Figure 1: Metabolite maps of a WHO grade II-III oligodendroglioma with IDH1 mutation, as well as an exemplary spectrum from inside the tumour. Shown are tNAA (N-acetyl-aspartate + N-acetyl-aspartyl glutamate), tCr (creatine + phosphocreatine), tCho (choline-containing compounds), Glu (glutamate), Gln (glutamine), Ins (inositol), MM (macromolecule) maps as well as a T1-weighted and an SWI (susceptibility-weighted imaging) images. Most pronounced are the increase of Ins and the drop of tNAA and Glu in the glioma.

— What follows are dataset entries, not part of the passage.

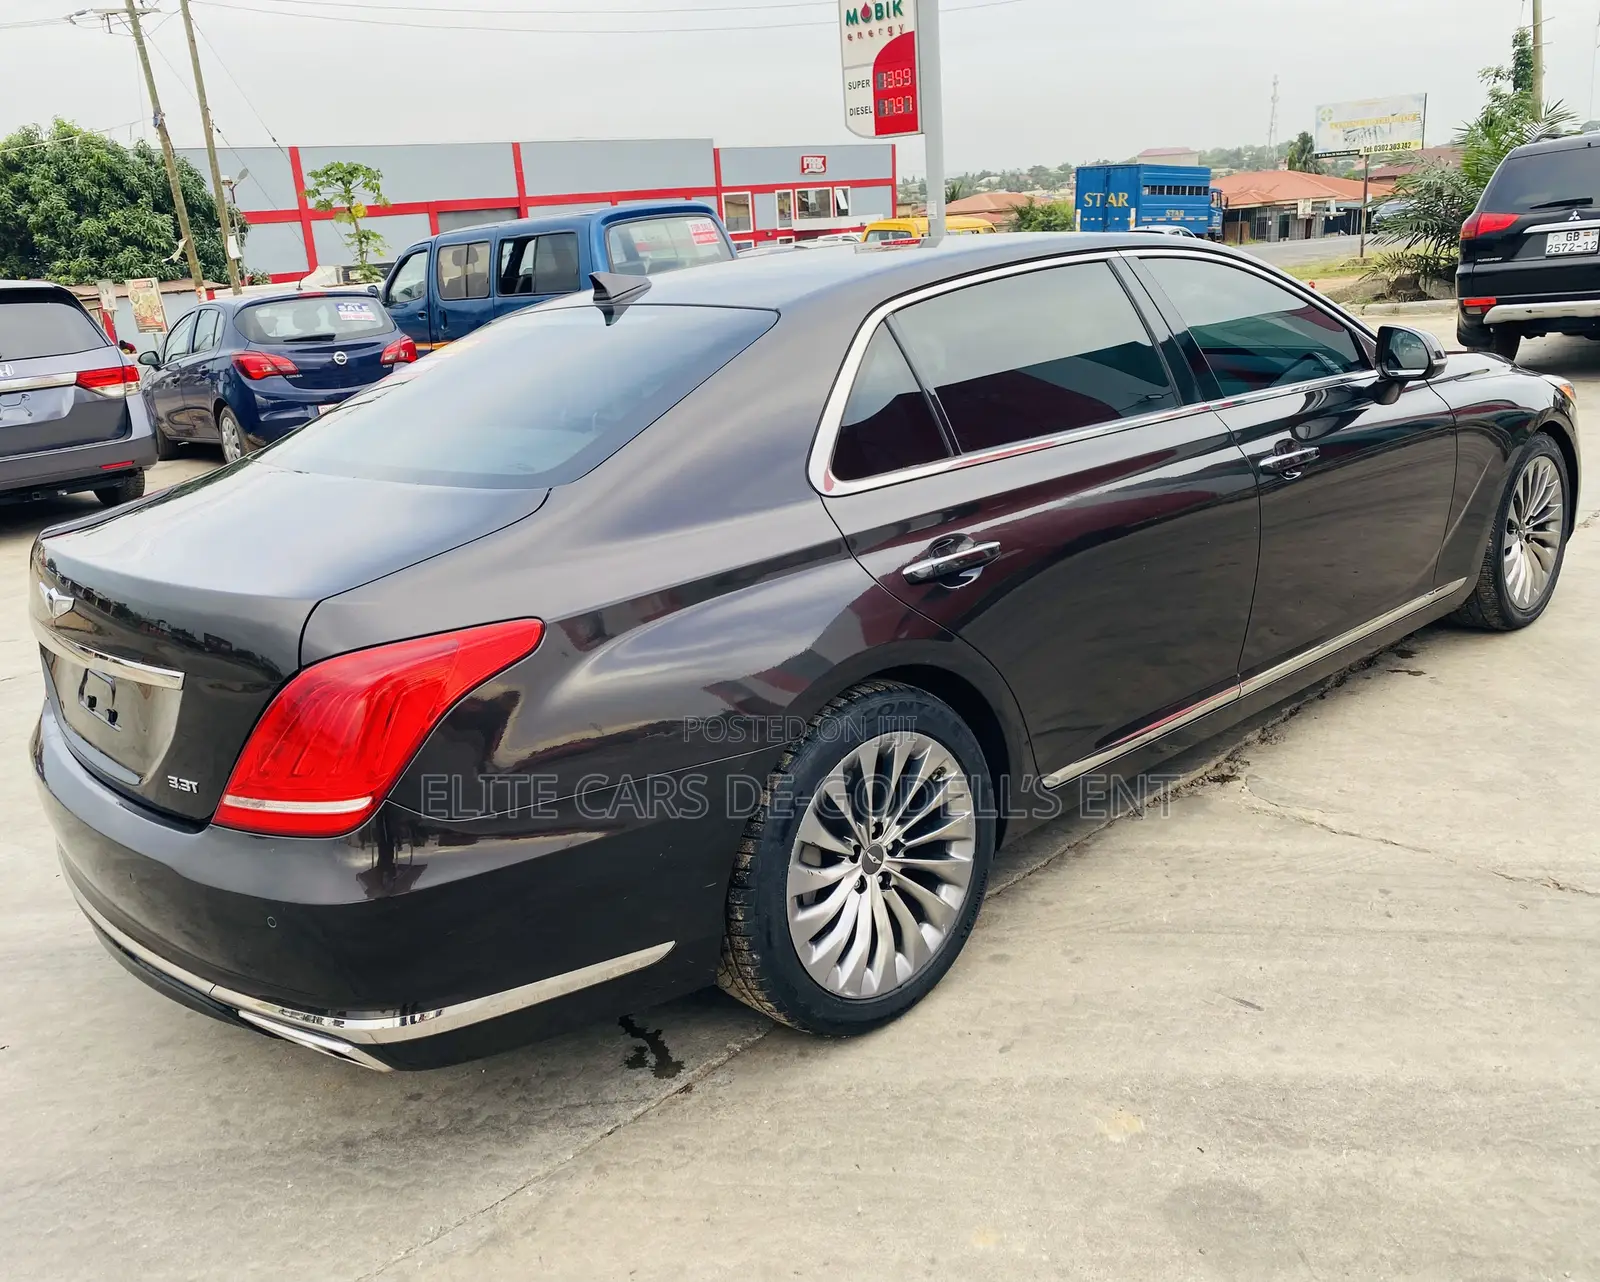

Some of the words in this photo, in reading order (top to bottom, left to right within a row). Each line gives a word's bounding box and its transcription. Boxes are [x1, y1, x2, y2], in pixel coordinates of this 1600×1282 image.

[845, 0, 903, 26] MOBIK
[847, 24, 904, 41] energy
[848, 79, 870, 90] SUPER
[849, 106, 873, 116] DIESEL
[1084, 192, 1129, 207] STAR
[1566, 232, 1580, 242] GB
[1547, 241, 1597, 253] 2572-12

Figure 2: Metabolite maps of a WHO grade III oligodendroglioma without IDH1 mutation, as well as an exemplary spectrum from inside the tumour. Shown are tNAA (N-acetyl-aspartate + N-acetyl-aspartyl glutamate), tCr (creatine + phosphocreatine), tCho (choline-containing compounds), Glu (glutamate), Gln (glutamine), Ins (inositol) maps as well as a T1-weighted and an SWI (susceptibility-weighted imaging) images. Notable changes are drops in tNAA, tCr, Glu and Ins, an increase of tCho and regions of both for Gln.

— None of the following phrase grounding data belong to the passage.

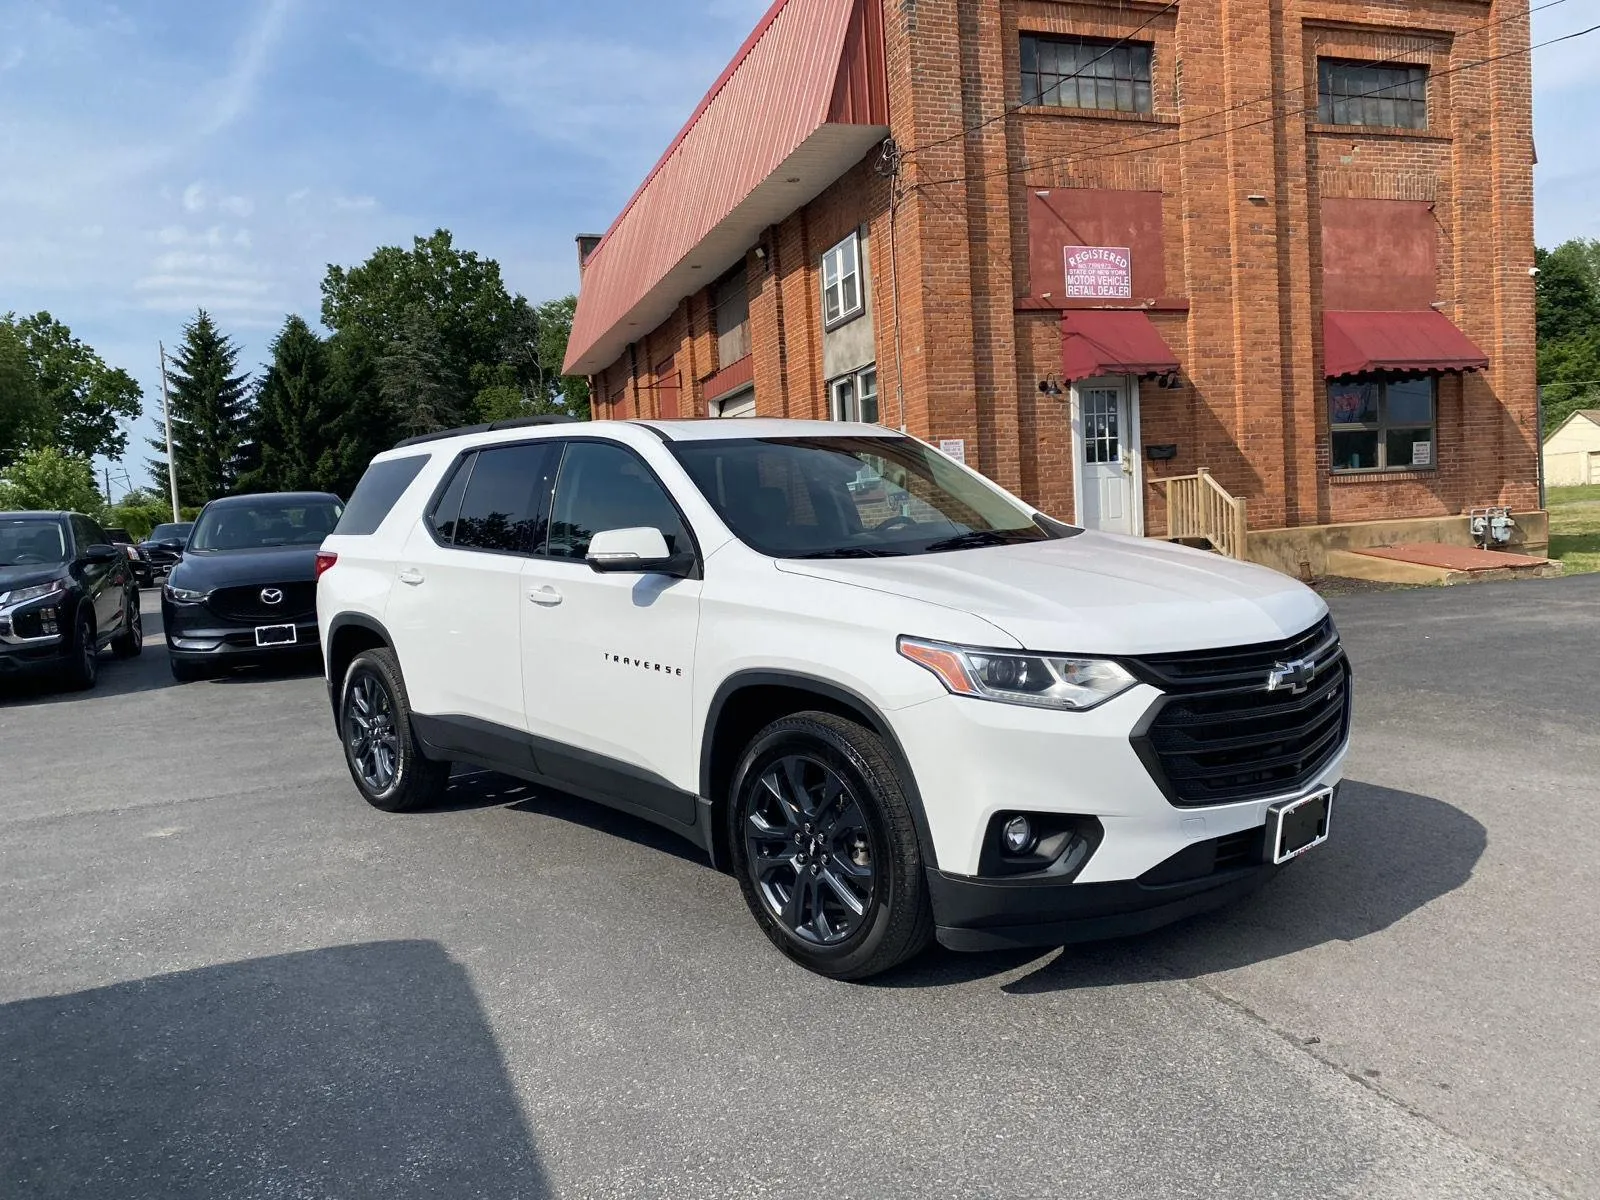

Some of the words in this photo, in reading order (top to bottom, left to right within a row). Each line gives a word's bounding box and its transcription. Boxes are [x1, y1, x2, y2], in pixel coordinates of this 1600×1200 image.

[1069, 249, 1127, 268] REGISTERED
[1068, 275, 1095, 285] MOTOR
[1097, 276, 1129, 286] VEHICLE
[1068, 286, 1096, 295] RETAIL
[1098, 286, 1129, 296] DEALER
[604, 652, 682, 676] TRAVERSE
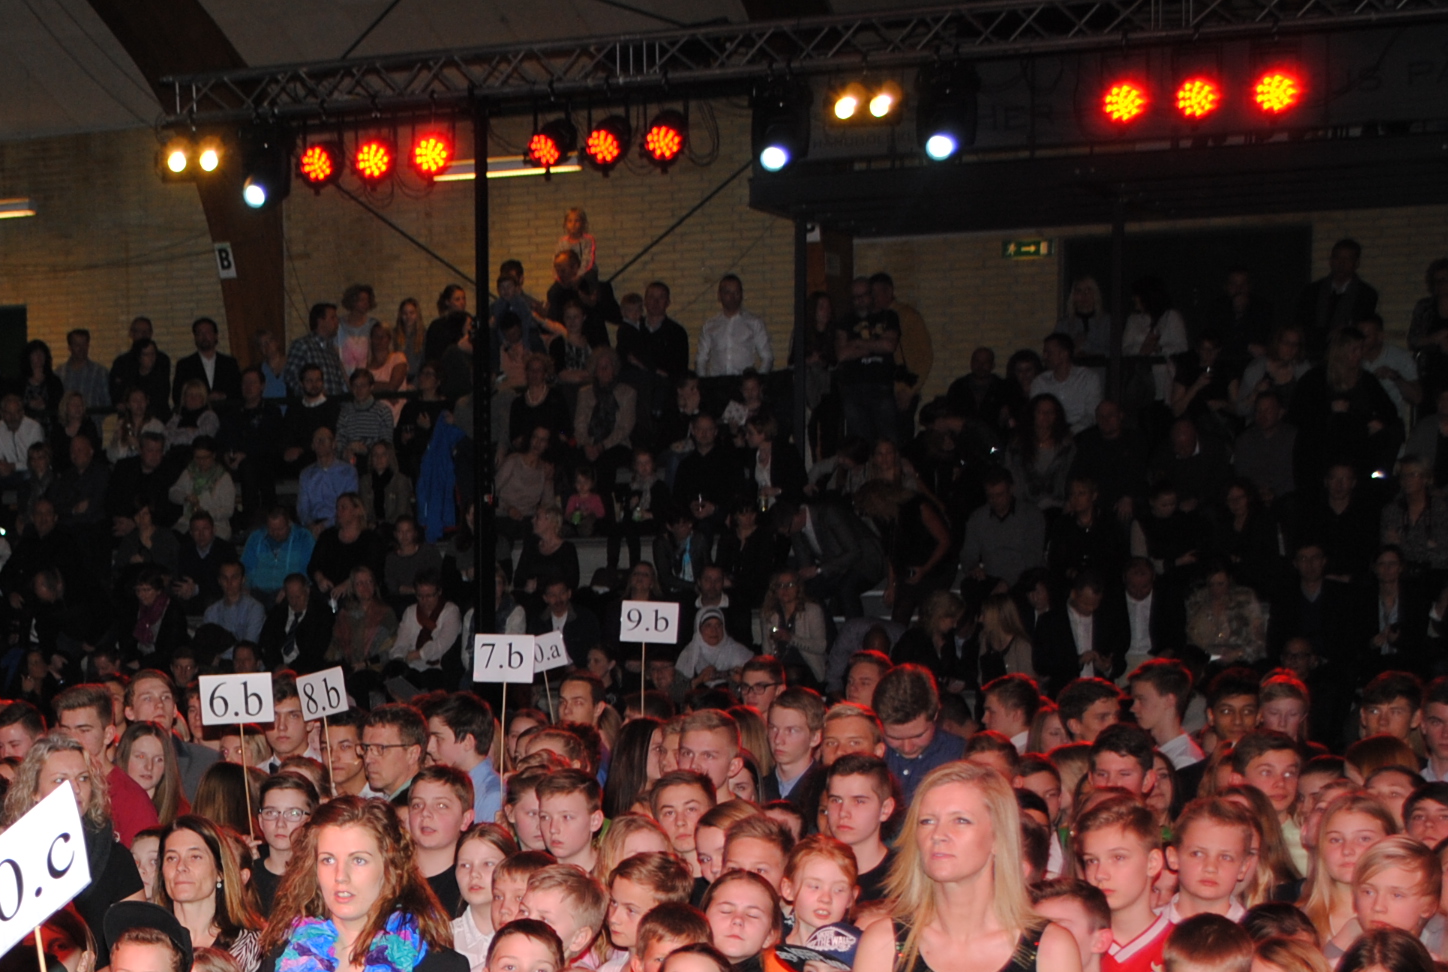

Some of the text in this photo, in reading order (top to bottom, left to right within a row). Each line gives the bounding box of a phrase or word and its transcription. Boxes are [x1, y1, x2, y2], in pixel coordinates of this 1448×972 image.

[219, 248, 231, 270] B
[626, 608, 670, 633] 9.b
[480, 643, 524, 669] 7.b
[209, 681, 263, 718] 6.b
[303, 677, 342, 715] 8.b

Figure 3: Metabolite maps of a WHO grade II diffuse astrocytoma with IDH1 mutation, as well as an exemplary spectrum from inside the tumour. Shown are tNAA (N-acetyl-aspartate + N-acetyl-aspartyl glutamate), tCr (creatine + phosphocreatine), tCho (choline-containing compounds), Glu (glutamate), Gln (glutamine), Ins (inositol) maps as well as a T1-weighted and an SWI (susceptibility-weighted imaging) images. The hyper-intense region of the glioma on the T1-weighted image correlates well with hotspot on the metabolite maps, such as Ins and Gln.

Figure 4: Metabolite maps of a WHO grade II oligodendroglioma with IDH1 mutation, as well as an exemplary spectrum from inside the tumour. Shown are tNAA (N-acetyl-aspartate + N-acetyl-aspartyl glutamate), tCr (creatine + phosphocreatine), tCho (choline-containing compounds), Glu (glutamate), Gln (glutamine), Ins (inositol), MM (macromolecule), Tau (taurine) maps as well as a T1-weighted and an SWI (susceptibility-weighted imaging) images. Increases of tCho, Gln, Ins and MM are notable while tNAA, Glu and Tau are substantially decreased.

Figure 5: Metabolite maps of a WHO grade III oligoastrocytoma with recurrence, as well as an exemplary spectrum from inside the tumour. Shown are tNAA (N-acetyl-aspartate + N-acetyl-aspartyl glutamate), tCr (creatine + phosphocreatine), tCho (choline-containing compounds), Glu (glutamate), Gln (glutamine), Ins (inositol) maps as well as a T1-weighted and an SWI (susceptibility-weighted imaging) images. Here, a region with decreases for all metabolites is surrounded by increased tCho and Gln concentrations.